Retype each of the records below exactly, leaving the pictures out.

• • • • • • •

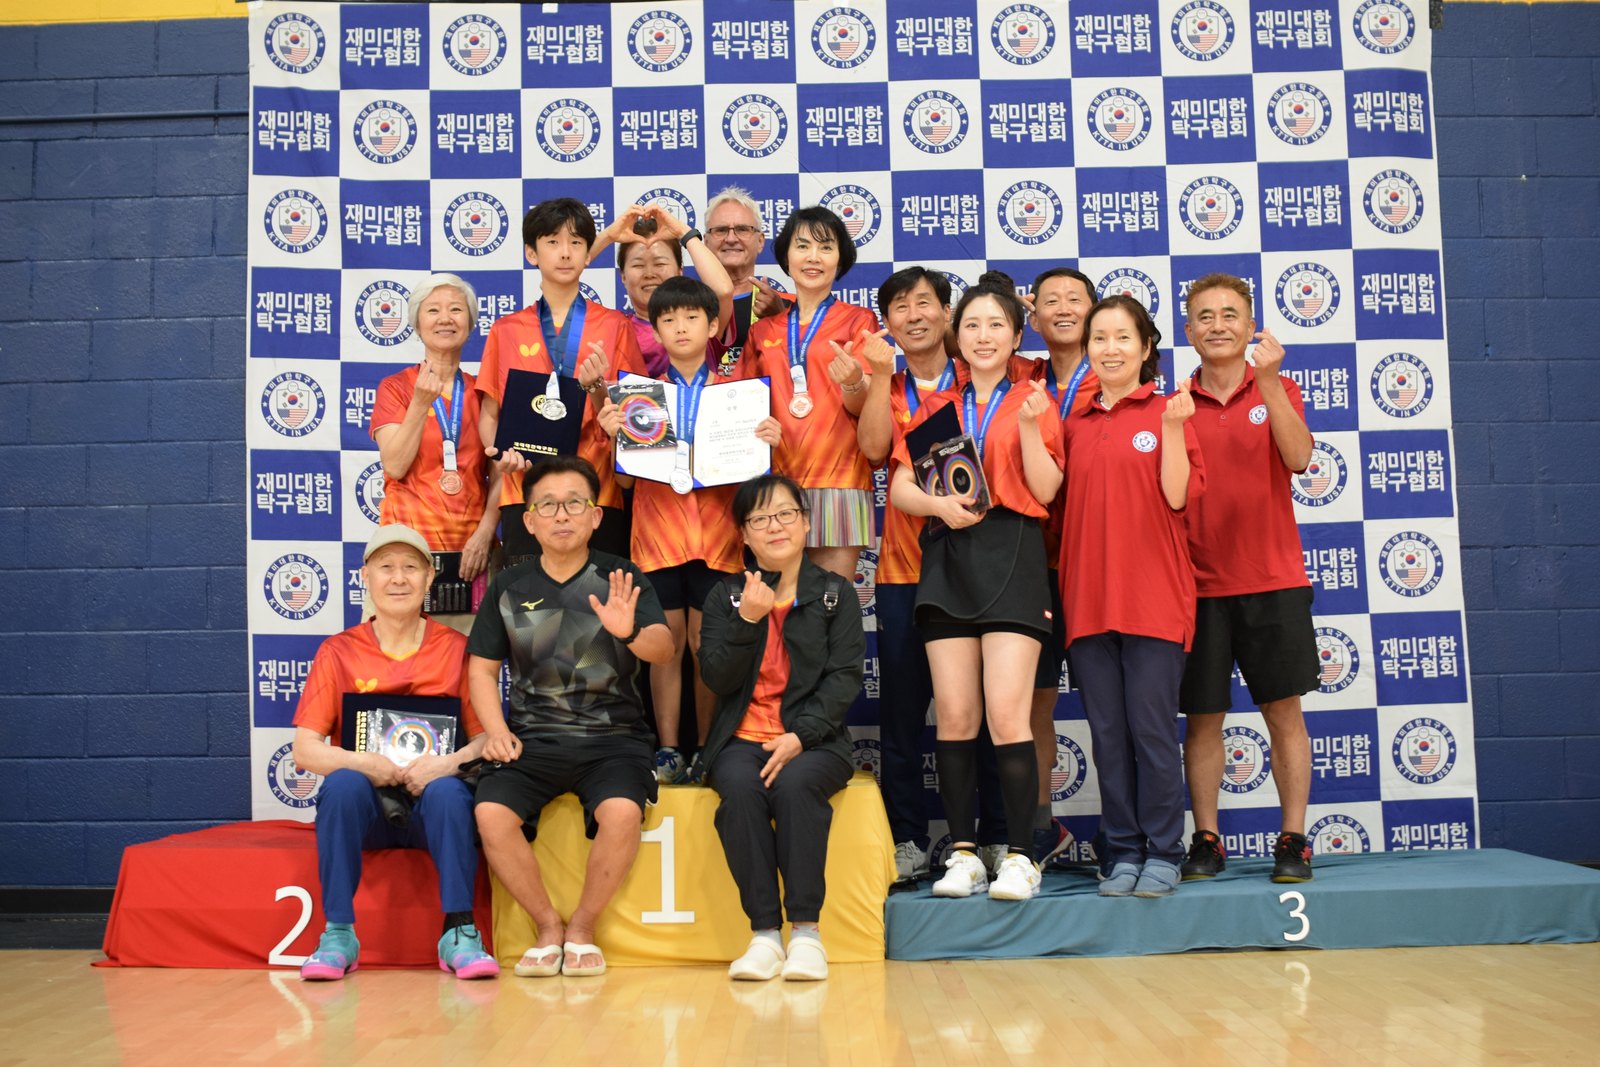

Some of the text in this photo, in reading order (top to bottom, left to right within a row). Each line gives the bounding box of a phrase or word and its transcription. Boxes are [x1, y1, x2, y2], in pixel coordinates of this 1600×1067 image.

[895, 17, 972, 36] 재미대한
[1075, 14, 1151, 33] 재미대한
[1255, 10, 1331, 29] 재미대한
[345, 28, 421, 46] 재미대한
[526, 25, 603, 44] 재미대한
[712, 21, 789, 40] 재미대한
[1257, 28, 1332, 48] 탁구협회
[713, 40, 788, 59] 탁구협회
[896, 36, 972, 56] 탁구협회
[1076, 33, 1151, 53] 탁구협회
[346, 47, 420, 66] 탁구협회
[527, 44, 602, 64] 탁구협회
[633, 52, 653, 70] KTTA
[671, 52, 688, 67] USA
[817, 49, 837, 66] KTTA
[855, 49, 872, 64] USA
[996, 45, 1017, 63] KTTA
[1035, 46, 1051, 61] USA
[448, 56, 468, 74] KTTA
[486, 56, 502, 71] USA
[1171, 98, 1247, 118] 재미대한
[1353, 91, 1424, 112] 재미대한
[258, 110, 331, 131] 재미대한
[620, 109, 698, 130] 재미대한
[806, 106, 883, 126] 재미대한
[989, 102, 1066, 122] 재미대한
[437, 113, 514, 133] 재미대한
[990, 122, 1066, 142] 탁구협회
[1172, 117, 1247, 138] 탁구협회
[1354, 112, 1425, 133] 탁구협회
[259, 130, 330, 152] 탁구협회
[438, 133, 513, 153] 탁구협회
[621, 129, 697, 150] 탁구협회
[807, 125, 882, 146] 탁구협회
[909, 134, 930, 152] KTTA
[948, 134, 964, 149] USA
[1093, 130, 1113, 148] KTTA
[1132, 131, 1148, 146] USA
[1273, 125, 1293, 143] KTTA
[1312, 125, 1328, 141] USA
[359, 143, 378, 162] KTTA
[396, 144, 413, 160] USA
[541, 142, 561, 160] KTTA
[580, 142, 596, 158] USA
[728, 137, 748, 156] KTTA
[767, 138, 783, 154] USA
[901, 195, 979, 215] 재미대한
[1082, 192, 1159, 212] 재미대한
[1264, 185, 1341, 206] 재미대한
[345, 204, 422, 225] 재미대한
[1084, 211, 1159, 232] 탁구협회
[1265, 205, 1341, 227] 탁구협회
[346, 224, 421, 246] 탁구협회
[902, 214, 978, 236] 탁구협회
[1003, 224, 1024, 243] KTTA
[1042, 224, 1059, 240] USA
[1185, 220, 1205, 238] KTTA
[1223, 220, 1239, 235] USA
[269, 232, 288, 251] KTTA
[306, 234, 323, 250] USA
[449, 235, 469, 254] KTTA
[488, 236, 504, 252] USA
[1362, 273, 1435, 293] 재미대한
[256, 292, 332, 312] 재미대한
[1363, 293, 1435, 314] 탁구협회
[256, 312, 331, 334] 탁구협회
[1281, 306, 1302, 325] KTTA
[1320, 306, 1336, 322] USA
[360, 325, 380, 344] KTTA
[1376, 397, 1396, 416] KTTA
[1414, 398, 1429, 414] USA
[266, 415, 286, 434] KTTA
[304, 417, 321, 433] USA
[1368, 450, 1444, 472] 재미대한
[256, 472, 333, 492] 재미대한
[1370, 471, 1444, 492] 탁구협회
[1328, 485, 1344, 501] USA
[257, 493, 332, 514] 탁구협회
[1302, 548, 1358, 570] 미대한
[1385, 576, 1406, 595] KTTA
[1424, 576, 1440, 592] USA
[269, 598, 289, 617] KTTA
[308, 600, 324, 616] USA
[1380, 636, 1456, 658] 재미대한
[1382, 656, 1457, 679] 탁구협회
[1308, 734, 1370, 757] 미대한
[1311, 755, 1370, 778] 구협회
[1398, 763, 1418, 782] KTTA
[1436, 763, 1453, 779] USA
[1066, 780, 1082, 796] USA
[1392, 822, 1468, 845] 재미대한
[641, 816, 695, 924] 1
[268, 885, 314, 966] 2
[1279, 891, 1311, 942] 3
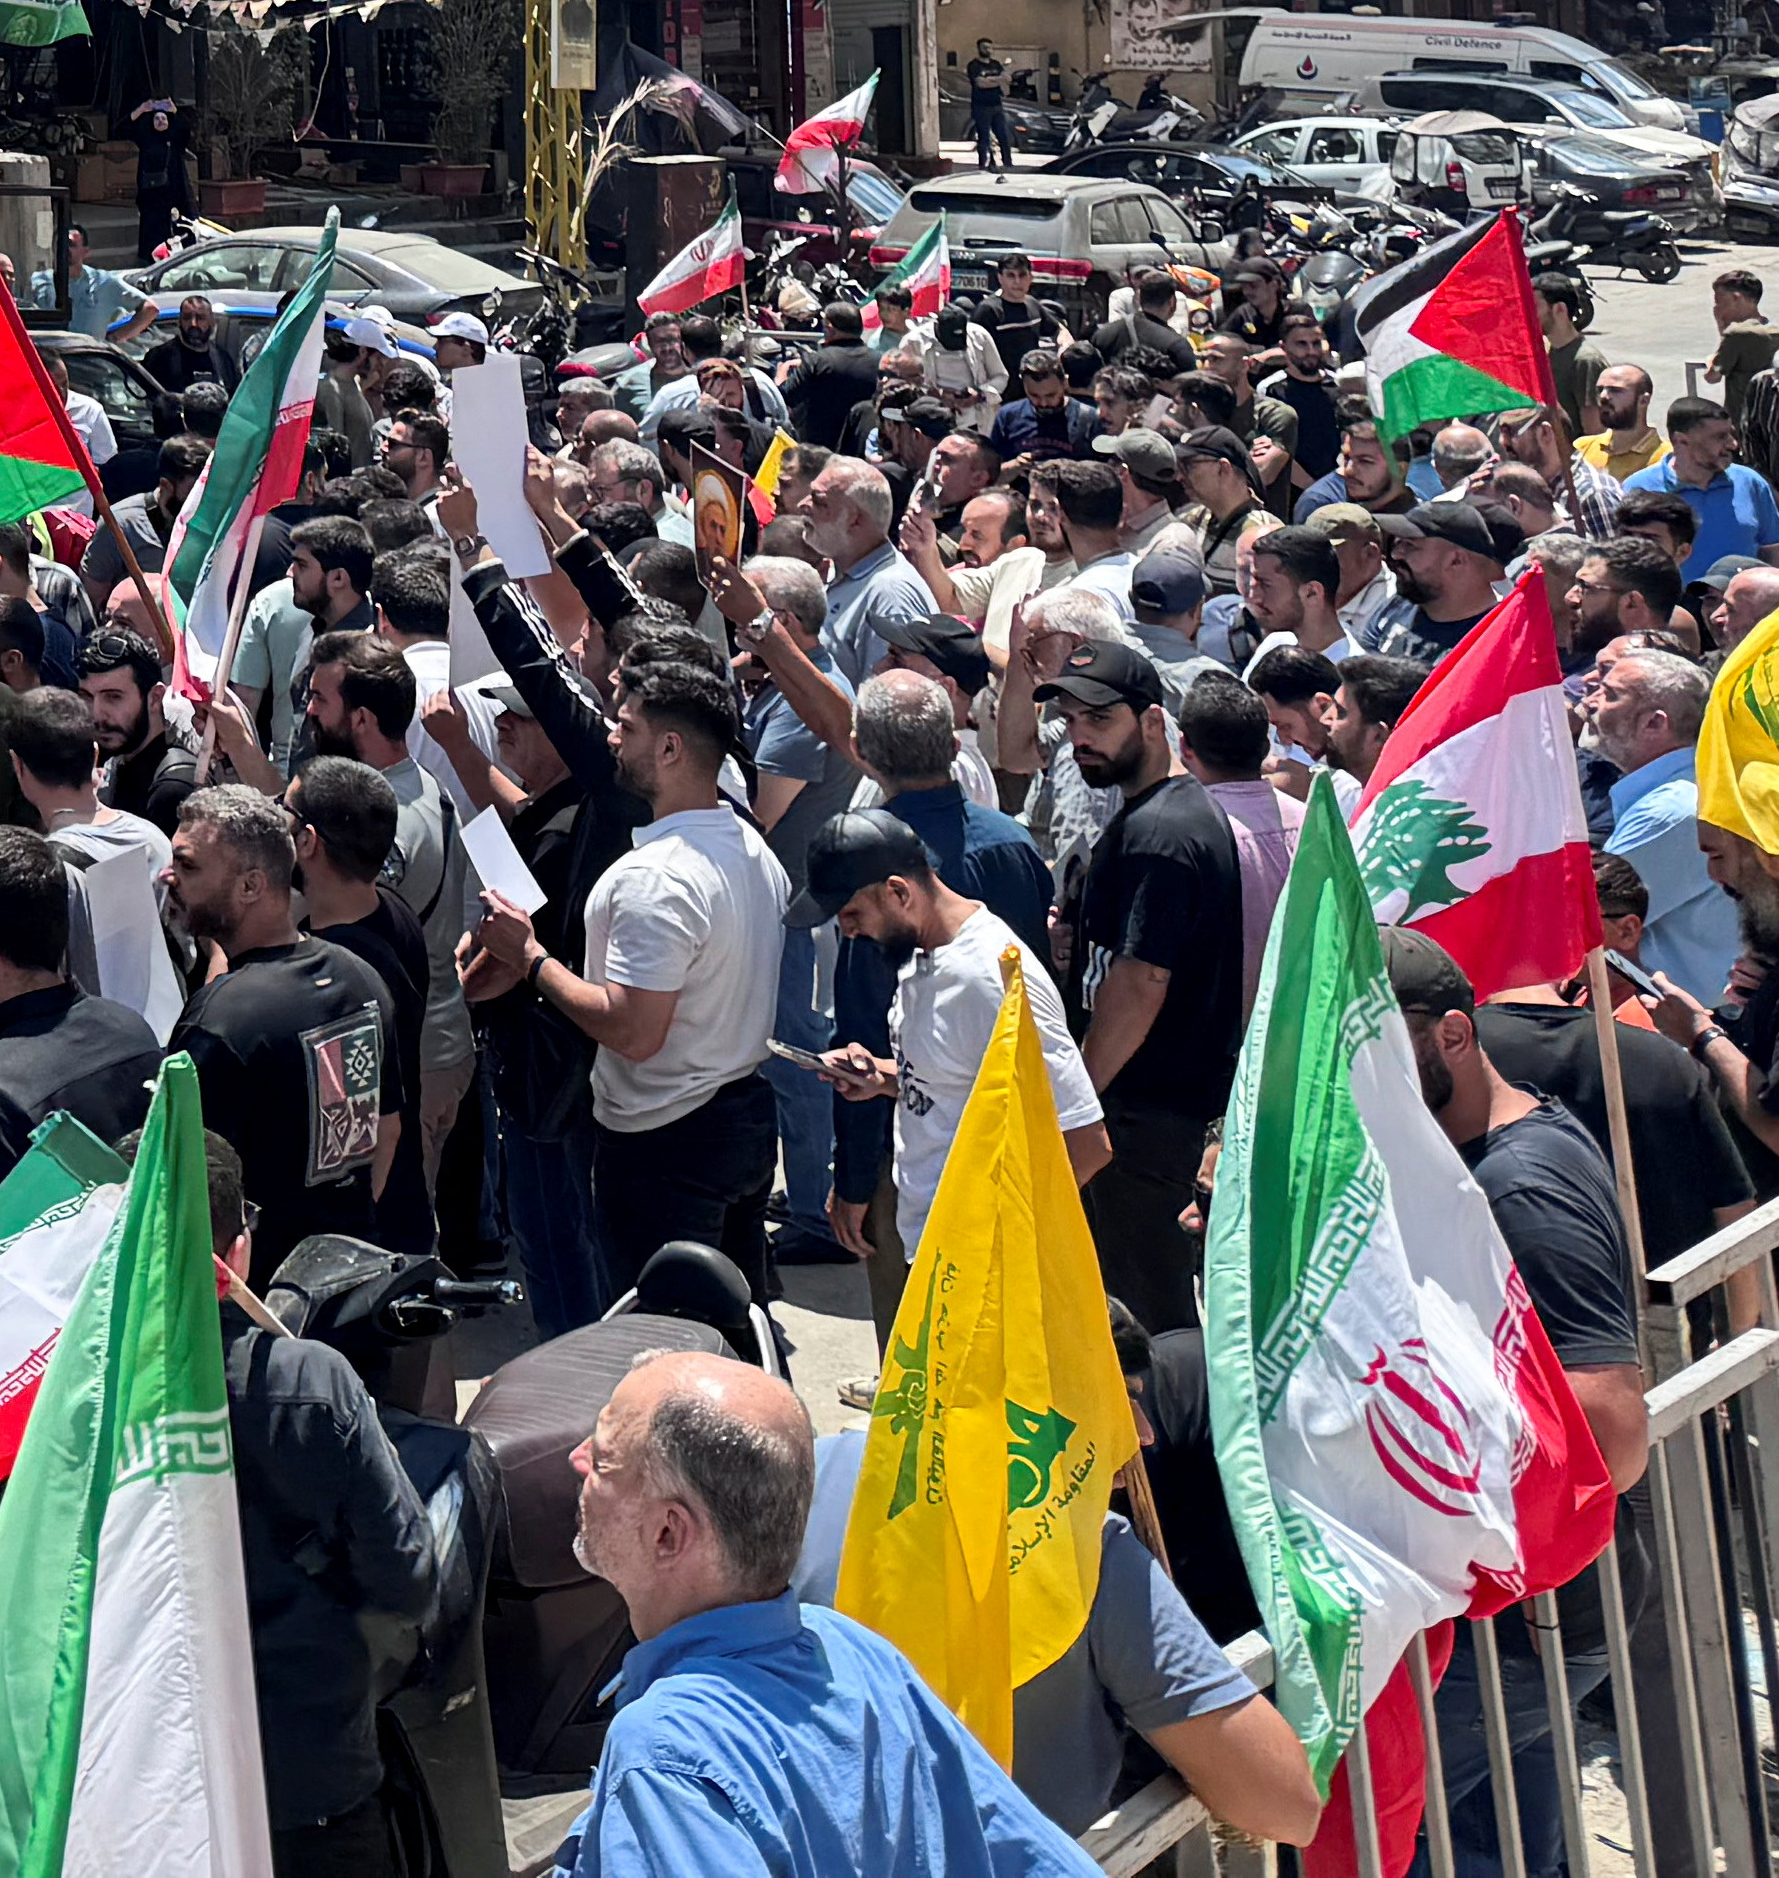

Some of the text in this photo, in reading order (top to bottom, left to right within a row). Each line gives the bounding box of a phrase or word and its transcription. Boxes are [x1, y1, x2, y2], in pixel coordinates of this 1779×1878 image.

[1425, 35, 1502, 50] Civil Defence
[1008, 1441, 1096, 1576] المقاومة الإسلامي

• • • • • • •

• Task result
Some of the text in this photo, in reading order (top to bottom, left to right within a row). Each line gives the bounding box of a phrase or word and its transcription. Boxes are [x1, y1, x2, y2], in pixel coordinates of this 1600×1067 image.

[895, 17, 972, 36] 재미대한
[1075, 14, 1151, 33] 재미대한
[1255, 10, 1331, 29] 재미대한
[345, 28, 421, 46] 재미대한
[526, 25, 603, 44] 재미대한
[712, 21, 789, 40] 재미대한
[1257, 28, 1332, 48] 탁구협회
[713, 40, 788, 59] 탁구협회
[896, 36, 972, 56] 탁구협회
[1076, 33, 1151, 53] 탁구협회
[346, 47, 420, 66] 탁구협회
[527, 44, 602, 64] 탁구협회
[633, 52, 653, 70] KTTA
[671, 52, 688, 67] USA
[817, 49, 837, 66] KTTA
[855, 49, 872, 64] USA
[996, 45, 1017, 63] KTTA
[1035, 46, 1051, 61] USA
[448, 56, 468, 74] KTTA
[486, 56, 502, 71] USA
[1171, 98, 1247, 118] 재미대한
[1353, 91, 1424, 112] 재미대한
[258, 110, 331, 131] 재미대한
[620, 109, 698, 130] 재미대한
[806, 106, 883, 126] 재미대한
[989, 102, 1066, 122] 재미대한
[437, 113, 514, 133] 재미대한
[990, 122, 1066, 142] 탁구협회
[1172, 117, 1247, 138] 탁구협회
[1354, 112, 1425, 133] 탁구협회
[259, 130, 330, 152] 탁구협회
[438, 133, 513, 153] 탁구협회
[621, 129, 697, 150] 탁구협회
[807, 125, 882, 146] 탁구협회
[909, 134, 930, 152] KTTA
[948, 134, 964, 149] USA
[1093, 130, 1113, 148] KTTA
[1132, 131, 1148, 146] USA
[1273, 125, 1293, 143] KTTA
[1312, 125, 1328, 141] USA
[359, 143, 378, 162] KTTA
[396, 144, 413, 160] USA
[541, 142, 561, 160] KTTA
[580, 142, 596, 158] USA
[728, 137, 748, 156] KTTA
[767, 138, 783, 154] USA
[901, 195, 979, 215] 재미대한
[1082, 192, 1159, 212] 재미대한
[1264, 185, 1341, 206] 재미대한
[345, 204, 422, 225] 재미대한
[1084, 211, 1159, 232] 탁구협회
[1265, 205, 1341, 227] 탁구협회
[346, 224, 421, 246] 탁구협회
[902, 214, 978, 236] 탁구협회
[1003, 224, 1024, 243] KTTA
[1042, 224, 1059, 240] USA
[1185, 220, 1205, 238] KTTA
[1223, 220, 1239, 235] USA
[269, 232, 288, 251] KTTA
[306, 234, 323, 250] USA
[449, 235, 469, 254] KTTA
[488, 236, 504, 252] USA
[1362, 273, 1435, 293] 재미대한
[256, 292, 332, 312] 재미대한
[1363, 293, 1435, 314] 탁구협회
[256, 312, 331, 334] 탁구협회
[1281, 306, 1302, 325] KTTA
[1320, 306, 1336, 322] USA
[360, 325, 380, 344] KTTA
[1376, 397, 1396, 416] KTTA
[1414, 398, 1429, 414] USA
[266, 415, 286, 434] KTTA
[304, 417, 321, 433] USA
[1368, 450, 1444, 472] 재미대한
[256, 472, 333, 492] 재미대한
[1370, 471, 1444, 492] 탁구협회
[1328, 485, 1344, 501] USA
[257, 493, 332, 514] 탁구협회
[1302, 548, 1358, 570] 미대한
[1385, 576, 1406, 595] KTTA
[1424, 576, 1440, 592] USA
[269, 598, 289, 617] KTTA
[308, 600, 324, 616] USA
[1380, 636, 1456, 658] 재미대한
[1382, 656, 1457, 679] 탁구협회
[1308, 734, 1370, 757] 미대한
[1311, 755, 1370, 778] 구협회
[1398, 763, 1418, 782] KTTA
[1436, 763, 1453, 779] USA
[1066, 780, 1082, 796] USA
[1392, 822, 1468, 845] 재미대한
[641, 816, 695, 924] 1
[268, 885, 314, 966] 2
[1279, 891, 1311, 942] 3

Some of the text in this photo, in reading order (top to bottom, left to right within a row). Each line gives the bounding box of a phrase or word and its transcription. Boxes are [x1, y1, x2, y2], in pixel coordinates of this 1779×1878 image.

[1425, 35, 1502, 50] Civil Defence
[1008, 1441, 1096, 1576] المقاومة الإسلامي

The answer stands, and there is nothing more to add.